In the long run, as a researcher in the field of evolutionary and behavioural ecology, I am broadly interested in answering Tinbergen’s ultimate reasoning evolutionary ‘why’ and ‘how’ questions regarding animal behaviour. For instance, I am keen on understanding why behavioural variation persists within a species? What are the adaptive advantages of these variations? What is the genetic architecture underlying behavioural variation? How do these behavioural traits originate and evolve? To answer these questions, along with in-depth theoretical knowledge in evolutionary ecology, I also need hands-on experience in skills involved in statistical modelling and sampling designs, and various molecular techniques employed in behavioural studies. To this end, I am keen to work with Prof. Dr. Niels Dingemanse research group involved in the study of adaptive evolution of behavioural strategies in genetic and ecological context. The fact that this group is at the forefront in developing statistical tools for data analysis will surely aid me imbibing skills involved in statistical analysis. By interacting with this and other evolutionary ecology research labs, I believe, I will get a boost of ideas and more importantly a platform to implement them.

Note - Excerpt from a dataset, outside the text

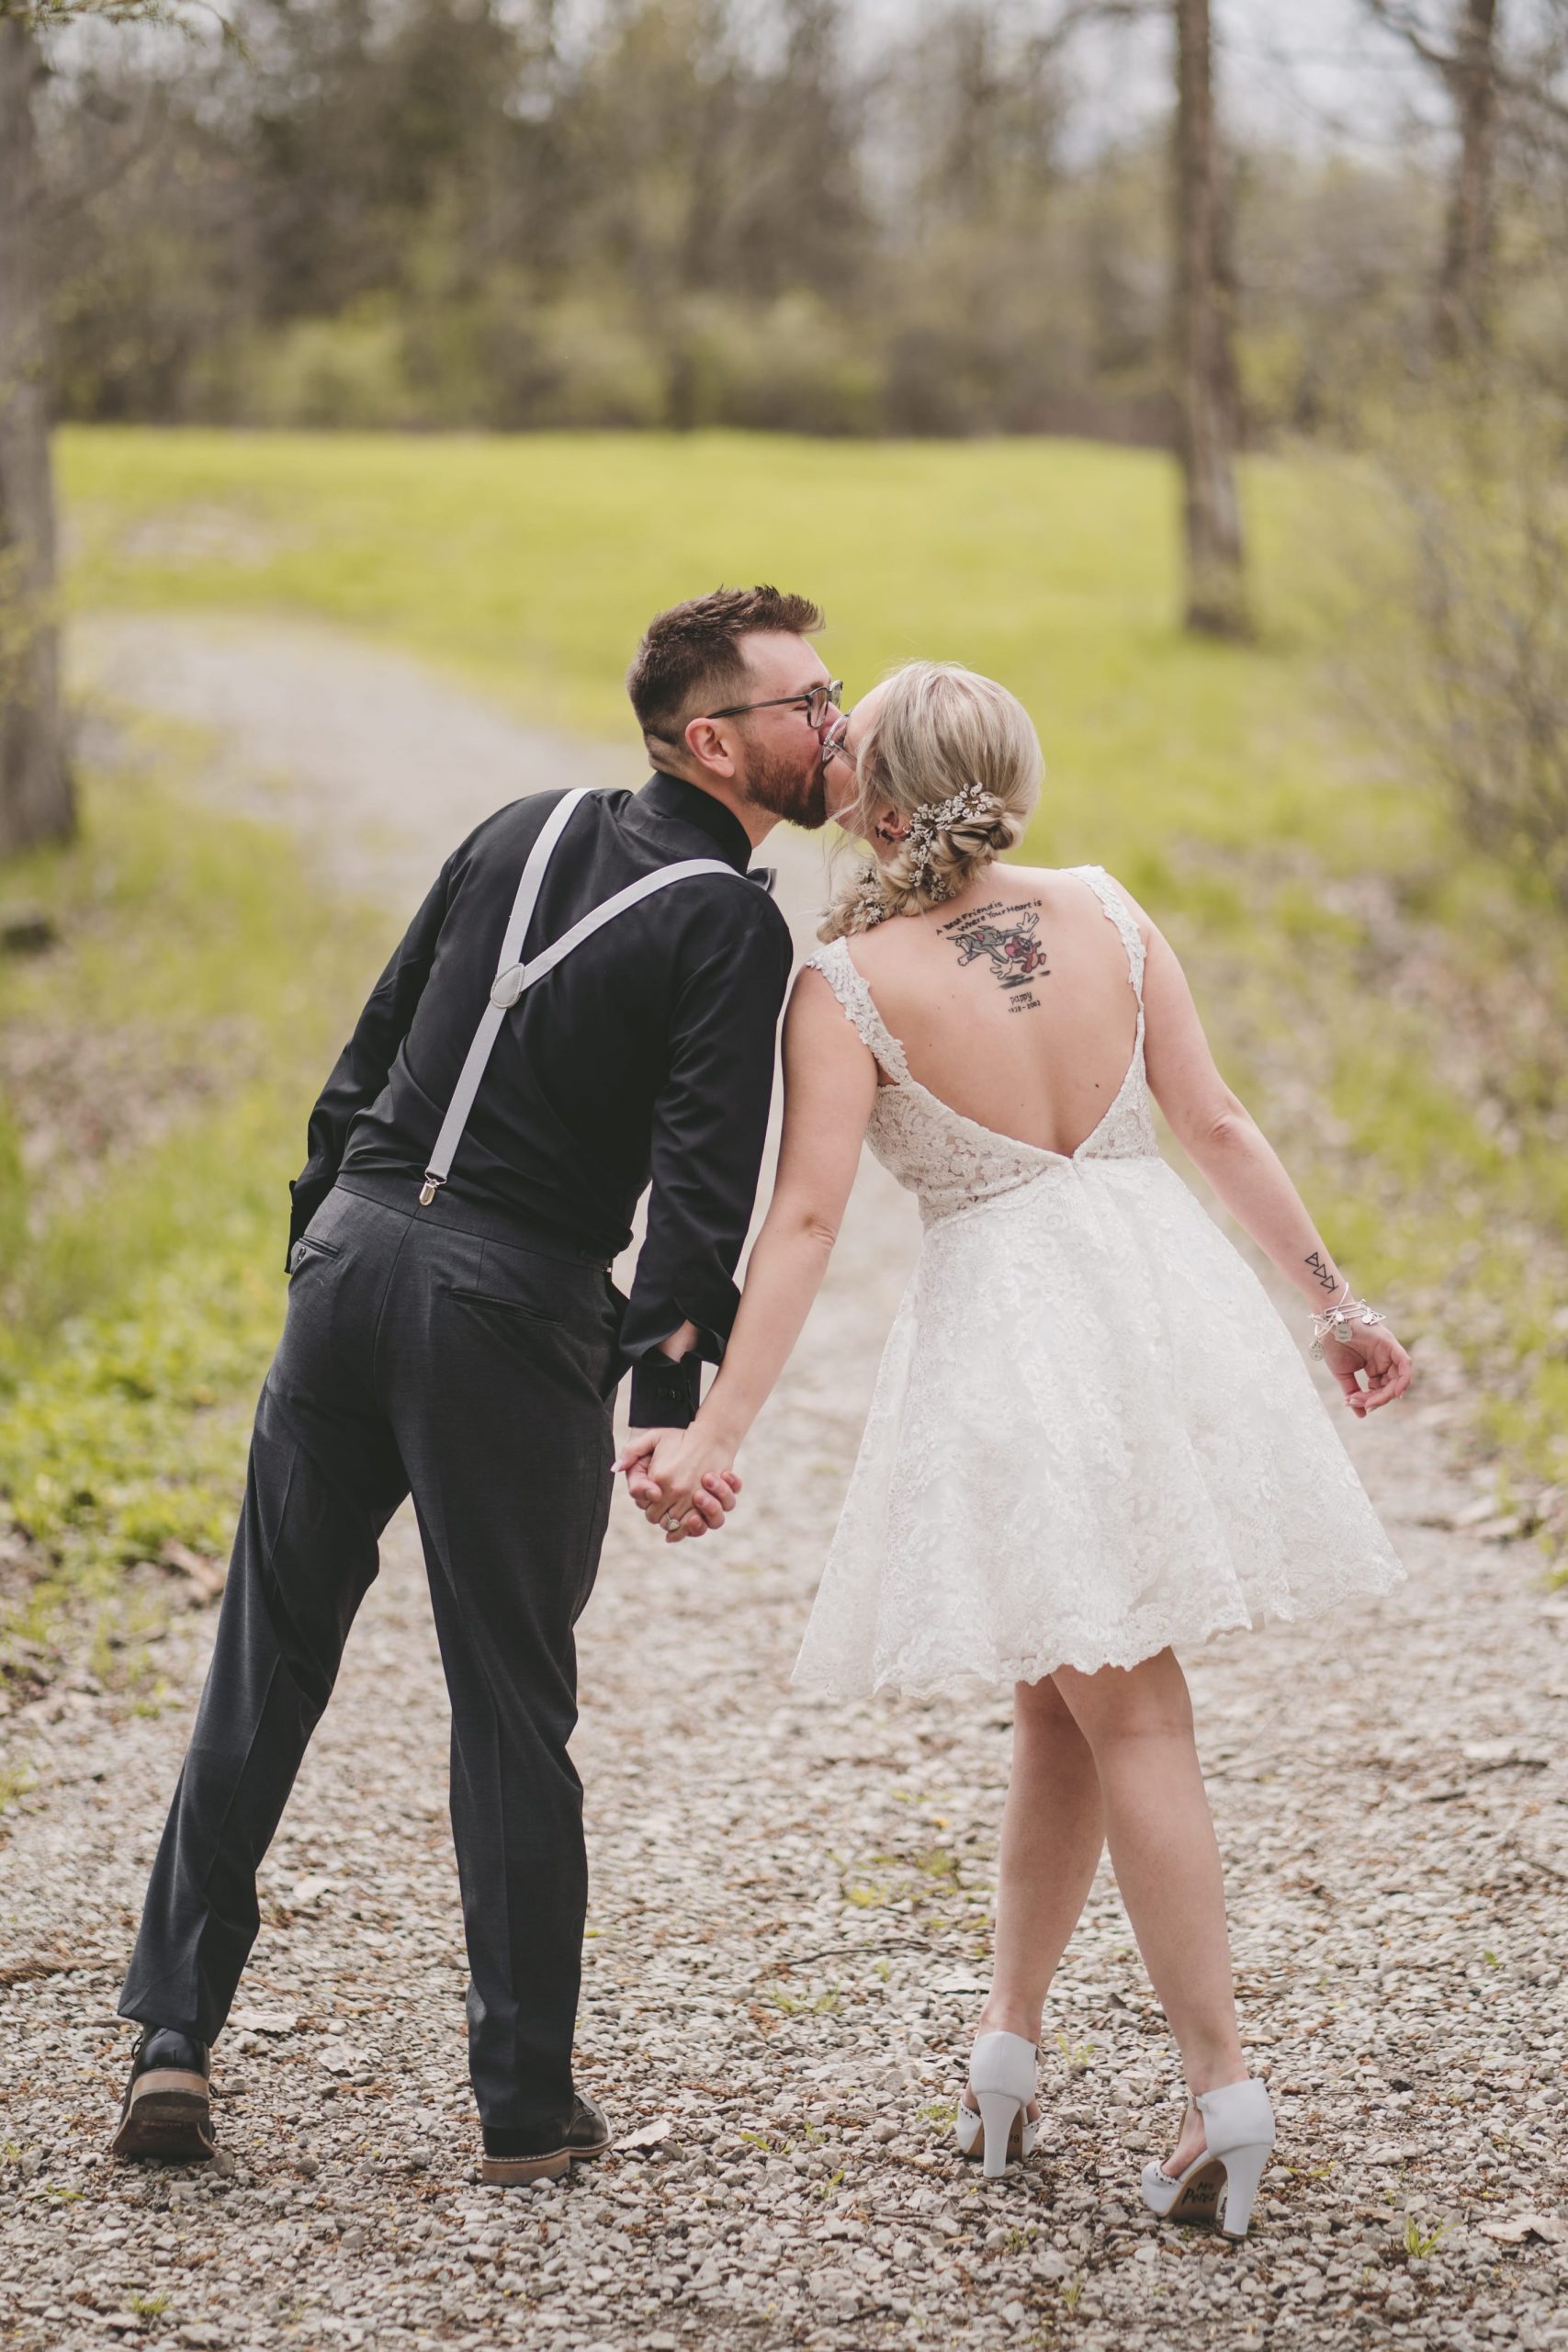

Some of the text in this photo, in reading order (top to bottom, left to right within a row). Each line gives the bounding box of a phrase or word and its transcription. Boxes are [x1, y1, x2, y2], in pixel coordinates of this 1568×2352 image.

To substantiate further credentials, along with work experience in the field, I also have experience working in the laboratory. For my Bachelor’s thesis I worked in a team on the comparative study of antimicrobial property of phytochemicals of tea and an invasive plant species Ageratum conyzoids. During the project, I learned to apply laboratory skills that I acquired during lab sessions to design experiments, conduct literature survey and experiments, record and analyse data, make inference, and write and present a report. Our dissertation was successful and appreciated with an ‘A’ grade in the final evaluation. We presented our scientific work before the Indian Institute of Chemical Engineers, where I got an exposure to develop my presentation skills.
Apart from academics, I love to quietly observe nature, photograph urban streets and people, and read books. I am a member at The Cornell lab of Ornithology’s eBird online birders community, where we birders contribute to research and conservation by updating global database of bird sightings.
With this academic credentials and motivation, I look forward to utilising the infrastructure and opportunities offered by the university to enhance essential skills to become a researcher in the field of evolutionary ecology. I am very excited about the prospect of studying in Ludwig-Maximilians University, Munich, and I am confident that my experience in this internationally renowned campus will be immensely exciting and rewarding, and will help me grow both academically and socially. With this I would like to thank the admission committee for considering my application.
Date:13/01/2018 Santhosh. H. Totagera Place: Bengaluru, India.